MySQL Explain details and index best practices

This is the first day of my participation in the August More text Challenge. For details, see: August More Text Challenge

Create a new sample table and data

- cast
DROP TABLE IF EXISTS `actor`; 
CREATE TABLE `actor` ( 
`id` int(11) NOT NULL.`name` varchar(45) DEFAULT NULL.`update_time` datetime DEFAULT NULL, 
PRIMARY KEY (`id`))ENGINE=InnoDB DEFAULT CHARSET=utf8; 

INSERT INTO `actor` (`id`.`name`.`update_time`) VALUES 
(1.'a'.NOW()), 
(2.'b'.NOW()), 
(3.'c'.NOW()); 

- the movie table
DROP TABLE IF EXISTS `film`; 
CREATE TABLE `film` (`id` int(11) NOT NULL AUTO_INCREMENT, 
`name` varchar(10) DEFAULT NULL, 
PRIMARY KEY (`id`), 
KEY `idx_name` (`name`))ENGINE=InnoDB DEFAULT CHARSET=utf8; 

INSERT INTO `film` (`id`.`name`) VALUES
(3.'film0'),
(1.'film1'),
(2.'film2'); 

-- Movie list of actors
DROP TABLE IF EXISTS `film_actor`; 
CREATE TABLE `film_actor` ( 
`id` int(11) NOT NULL.`film_id` int(11) NOT NULL.`actor_id` int(11) NOT NULL.`remark` varchar(255) DEFAULT NULL, 
PRIMARY KEY (`id`), 
KEY `idx_film_actor_id` (`film_id`.`actor_id`))ENGINE=InnoDB DEFAULT CHARSET=utf8; 

INSERT INTO `film_actor` (`id`.`film_id`.`actor_id`) VALUES 
(1.1.1),
(2.1.2),
(3.2.1);
Copy the code

Explain the column,

explain select * from actor;

The id column

The id column number is the serial number of select. For every select there are several ids, and the order of ids is increments in the order in which the select appears. The larger the ID column is, the higher the priority is. If the ID is the same, the execution starts from the top down. If the ID is NULL, the execution ends.

Select_type column

1) Simple: Simple query. 2) Primary: the outermost select in a complex query. 3) Subquery: the subquery contained in the SELECT clause. 4) Derived: the subquery contained in the from clause. MySQL stores the results in a temporary table, also called a derived table

set session optimizer_switch='derived_merge=off'; # Turn off the mysql5.7 feature for merging tables
explain select (select 1 from actor where id = 1) from (select * from film where id = 1) t;
set session optimizer_switch='derived_merge=on'; Restore the default configuration
Copy the code

5) Union: the second and subsequent select in the union

explain select 1 union all select 1;
Copy the code

The table column

This column indicates which table is being accessed by the row of explain. When there are subqueries in the FROM clause, the table column is in format, indicating that the current query depends on the query with ID =N, so the query with ID =N is executed first. When there is a union, the value of the table column of the union RESULT is

, where 1 and 2 represent the IDS of the select rows that participate in the union.
,2>

Partitions are listed

Table partition (few people do table partition nowadays, personal opinion)

The type column

This column represents the association type or access type, which is the approximate range of data row records that MySQL determines how to look up rows in the table. System > const > eq_ref > ref > range > index > ALL

1) NULL: mysql can decompose the query statement during the optimization phase without having to access the table or index during the execution phase.
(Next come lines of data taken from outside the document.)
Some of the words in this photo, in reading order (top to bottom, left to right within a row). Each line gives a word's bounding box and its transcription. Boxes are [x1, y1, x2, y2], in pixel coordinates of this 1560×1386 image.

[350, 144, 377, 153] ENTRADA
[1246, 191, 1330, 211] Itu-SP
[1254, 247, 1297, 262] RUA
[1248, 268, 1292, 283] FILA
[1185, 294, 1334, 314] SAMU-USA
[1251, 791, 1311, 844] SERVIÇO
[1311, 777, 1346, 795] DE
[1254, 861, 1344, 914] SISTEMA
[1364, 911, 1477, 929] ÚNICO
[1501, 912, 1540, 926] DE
For example, selecting the minimum value in an index column can be done by looking up the index alone, without accessing the table at execution time

explain select min(id) from film;
Copy the code

2) const, system

Mysql can optimize a part of a query and convert it to a constant. When all columns used for primary or unique keys are compared to constants, the table has at most one matching row and is read once, which is relatively fast. System is a special case of const; if there is only one matching tuple in the table, it is system

set session optimizer_switch='derived_merge=off'; # Turn off the mysql5.7 feature for merging tables
explain select * from (select * from film where id = 1) tmp;
set session optimizer_switch='derived_merge=on'; Restore the default configuration
Copy the code

3) eq_ref

If all parts of a primary key or unique key index are connected, at most one record will be returned. This is probably the best join type outside of const, and would not appear in a simple SELECT query.
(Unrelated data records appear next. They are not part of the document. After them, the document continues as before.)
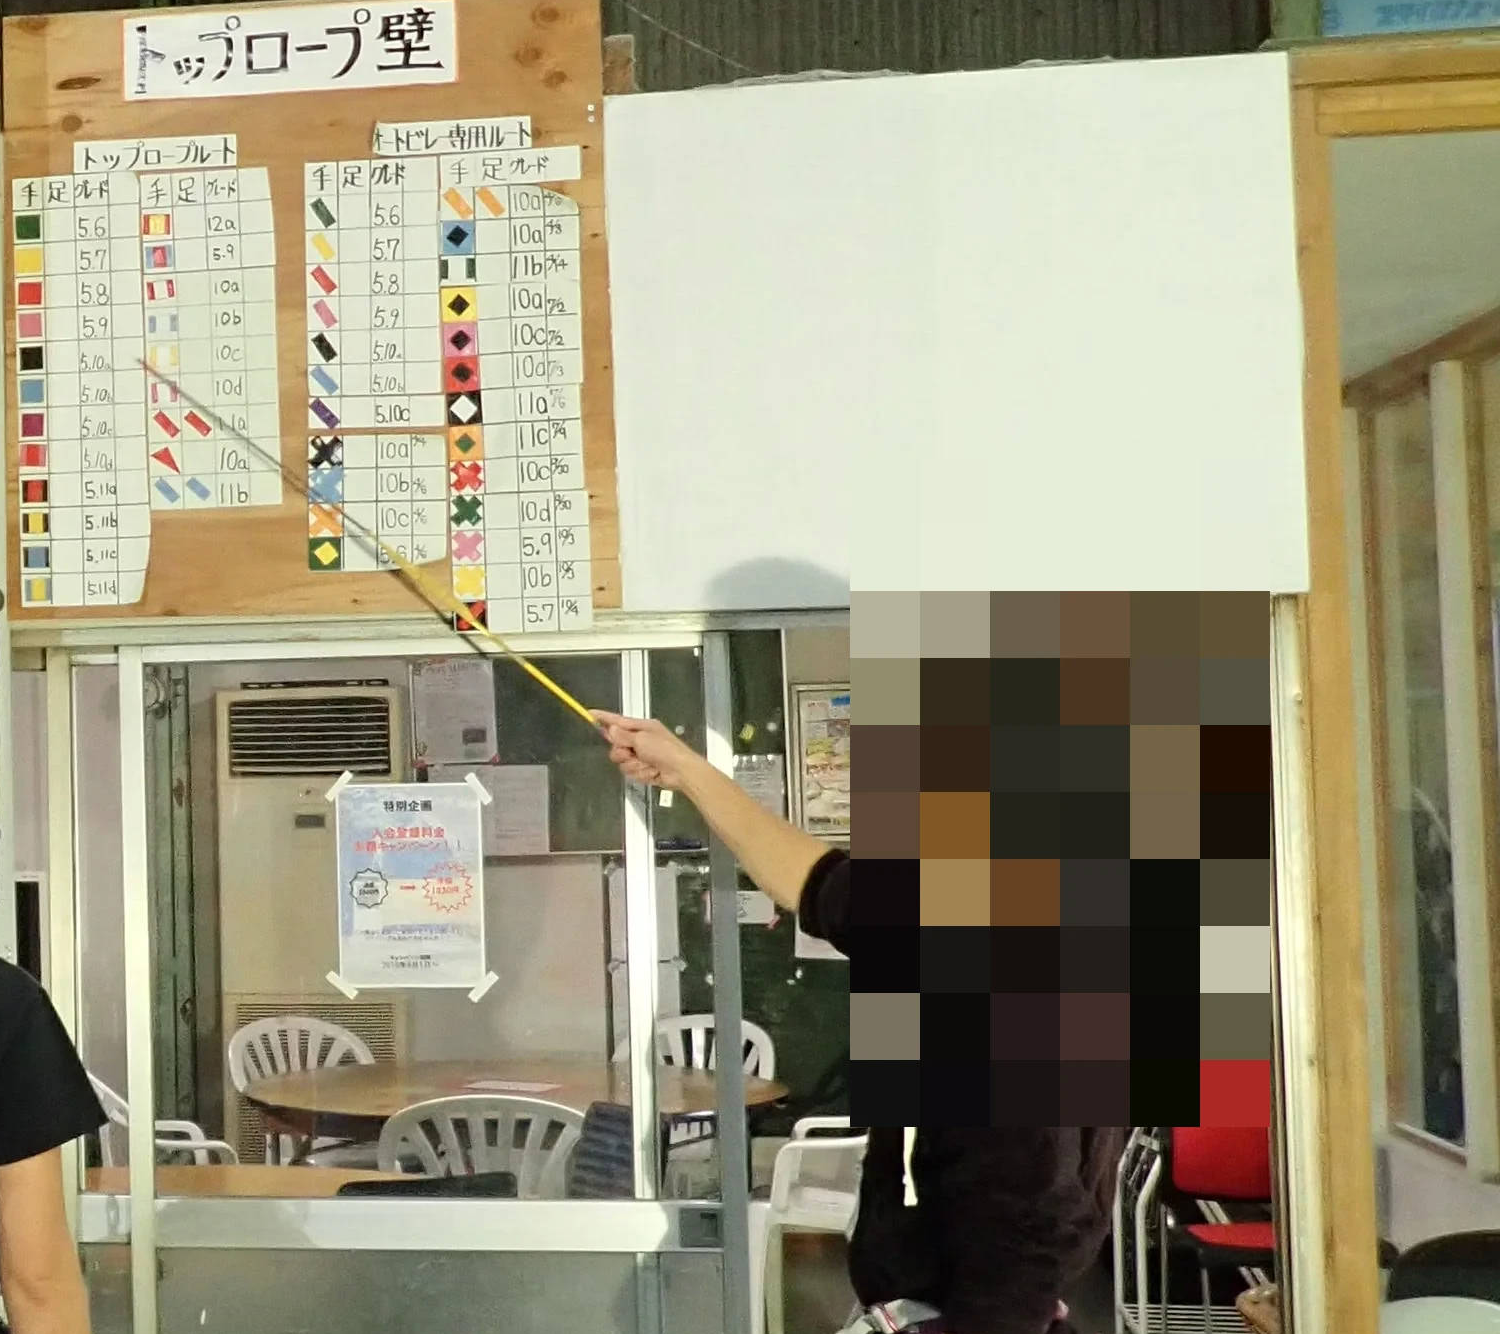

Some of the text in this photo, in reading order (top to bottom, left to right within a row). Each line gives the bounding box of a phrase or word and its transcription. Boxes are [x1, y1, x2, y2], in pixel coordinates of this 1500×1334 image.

[135, 7, 445, 95] トップロープ壁
[84, 137, 235, 170] トップロープルート
[312, 165, 332, 191] 手
[343, 166, 365, 188] 足
[449, 158, 469, 184] 手
[482, 157, 507, 181] 足
[21, 183, 39, 207] 手
[48, 181, 72, 203] 足
[147, 178, 167, 206] 手
[178, 177, 197, 203] 足
[512, 192, 541, 212] 10a
[207, 215, 236, 233] 12a
[373, 204, 400, 226] 5.6
[77, 217, 106, 238] 5.6
[512, 224, 543, 245] 10a
[79, 249, 107, 270] 5.7
[212, 243, 234, 260] 5.9
[373, 238, 400, 260] 5.7
[512, 255, 542, 277] 11b
[81, 283, 109, 305] 5.8
[214, 280, 240, 294] 10a
[372, 273, 400, 295] 5.8
[512, 289, 542, 311] 10a
[83, 317, 108, 338] 5.9
[214, 309, 242, 327] 10b
[373, 308, 400, 329] 5.9
[513, 324, 546, 346] 10c
[215, 345, 243, 362] 10c
[215, 378, 243, 396] 10d
[518, 392, 548, 415] 11a
[518, 426, 548, 450] 11c
[220, 447, 249, 471] 10a
[380, 442, 409, 459] 10a
[380, 472, 409, 493] 10b
[519, 460, 551, 483] 10c
[220, 483, 249, 504] 11b
[381, 507, 409, 530] 10c
[521, 498, 551, 523] 10d
[522, 532, 552, 556] 5.9
[523, 565, 551, 591] 10b
[527, 603, 554, 623] 5.7
explain select * from film_actor left join film on film_actor.film_id = film.id
Copy the code

4) ref

In contrast to eq_ref, instead of using a unique index, use a normal index or a partial prefix of a unique index. The index is compared to a value and may find more than one row that meets the criteria.

Select index (name); select index (name);

explain select * from film where name = 'film1';
Copy the code

2. Query the associated table. Idx_film_actor_id in table film_actor is the combined index of film_id and actor_id.

explain select film_id from film f left join film_actor fa on f.id = fa.film_id;
Copy the code

5) range

Range scanning usually occurs in(), between,>,<, >=, and so on. Use an index to retrieve rows of a given range.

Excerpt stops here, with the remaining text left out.